Among patients with type 1 diabetes, percentage of time in the target glucose range is increased with the use of an open-source automated insulin delivery (AID) system.
Mercedes J. Burnside, M.B., Ch.B., from the University of Otago in New Zealand, and colleagues conducted a multicenter, open-label trial involving 97 patients (48 children and 49 adults) with type 1 diabetes who were randomly assigned to use an open-source AID system or a sensor-augmented insulin pump (44 and 53 patients, respectively).
The researchers found that the mean time in the target range increased in the AID group (61.2 ± 12.3 to 71.2 ± 12.1 percent) and decreased in the control group (57.7 ± 14.3 to 54.5 ± 16.0 percent) at 24 weeks (adjusted difference, 14 percentage points), with no treatment effect based on age.

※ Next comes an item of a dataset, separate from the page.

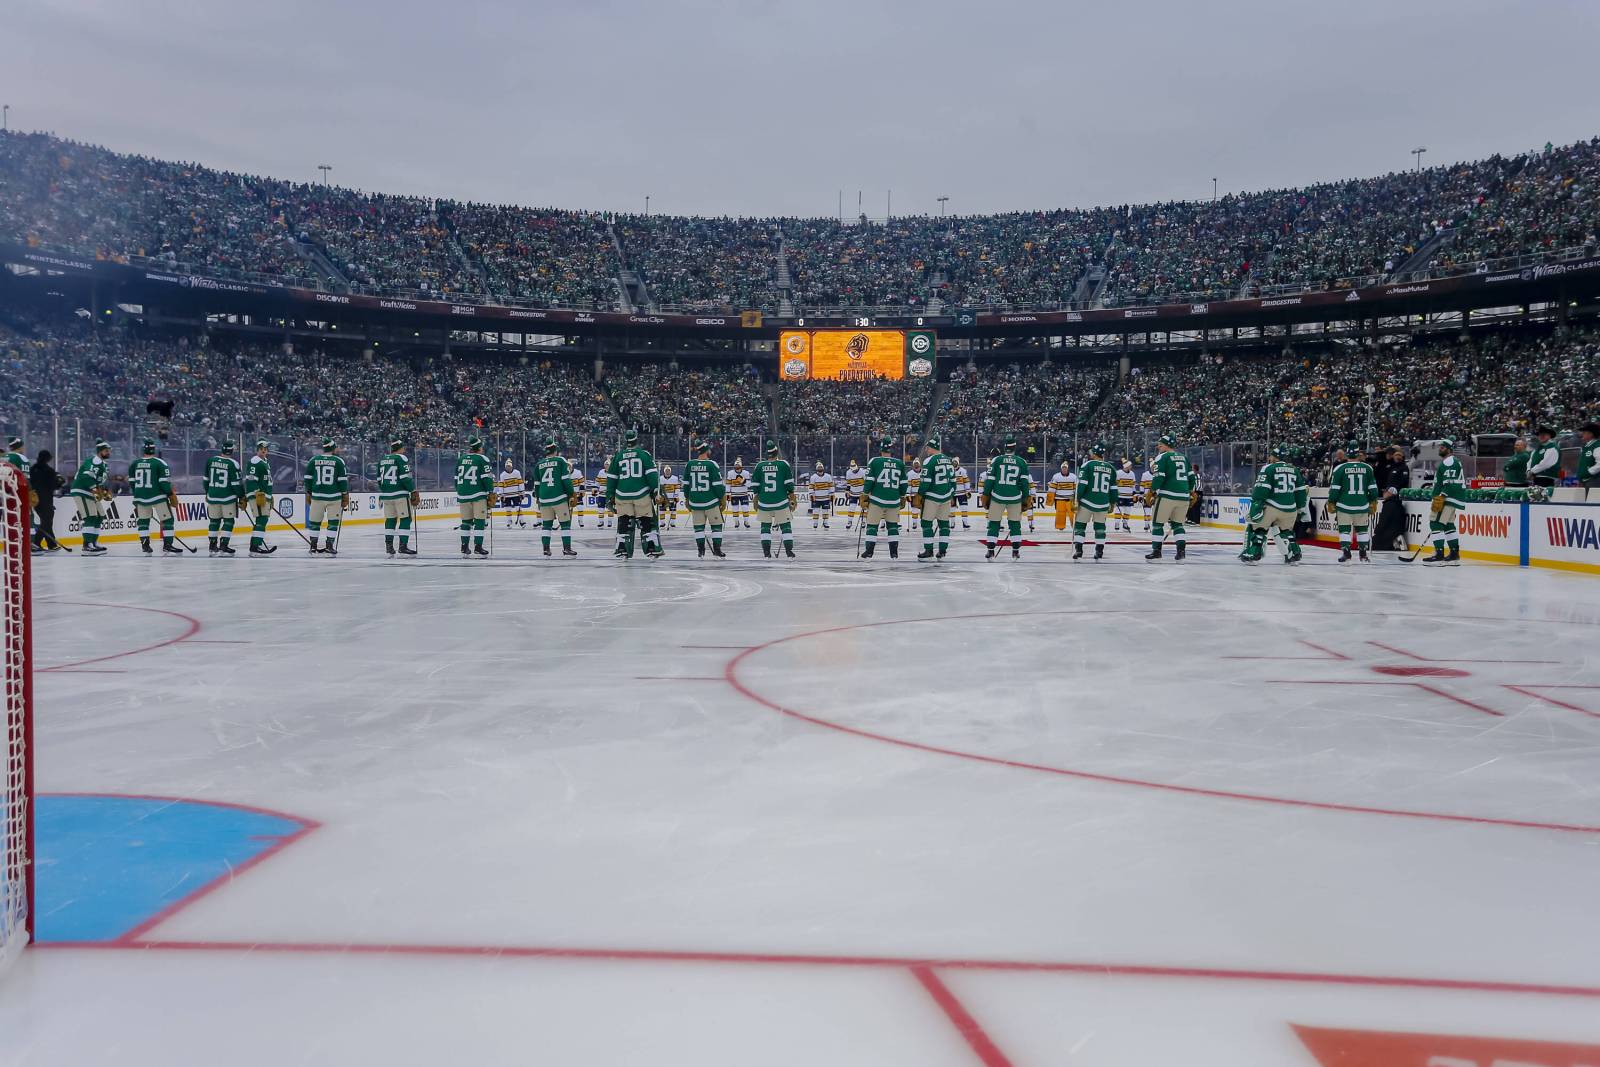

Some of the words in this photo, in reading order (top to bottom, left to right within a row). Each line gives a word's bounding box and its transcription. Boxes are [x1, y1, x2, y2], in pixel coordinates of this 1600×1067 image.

Compared with those in the control group, patients in the AID group spent 3 hours 21 minutes more in the target glucose range (70 to 180 mg/dL) per day. Neither group experienced severe hypoglycemia or diabetic ketoacidosis. Owing to connectivity issues, two patients in the AID group withdrew from the trial.
“Patients in the AID group had improved glycemic control while maintaining a low percentage of time during which the glucose level was less than 70 mg per deciliter,” the authors write.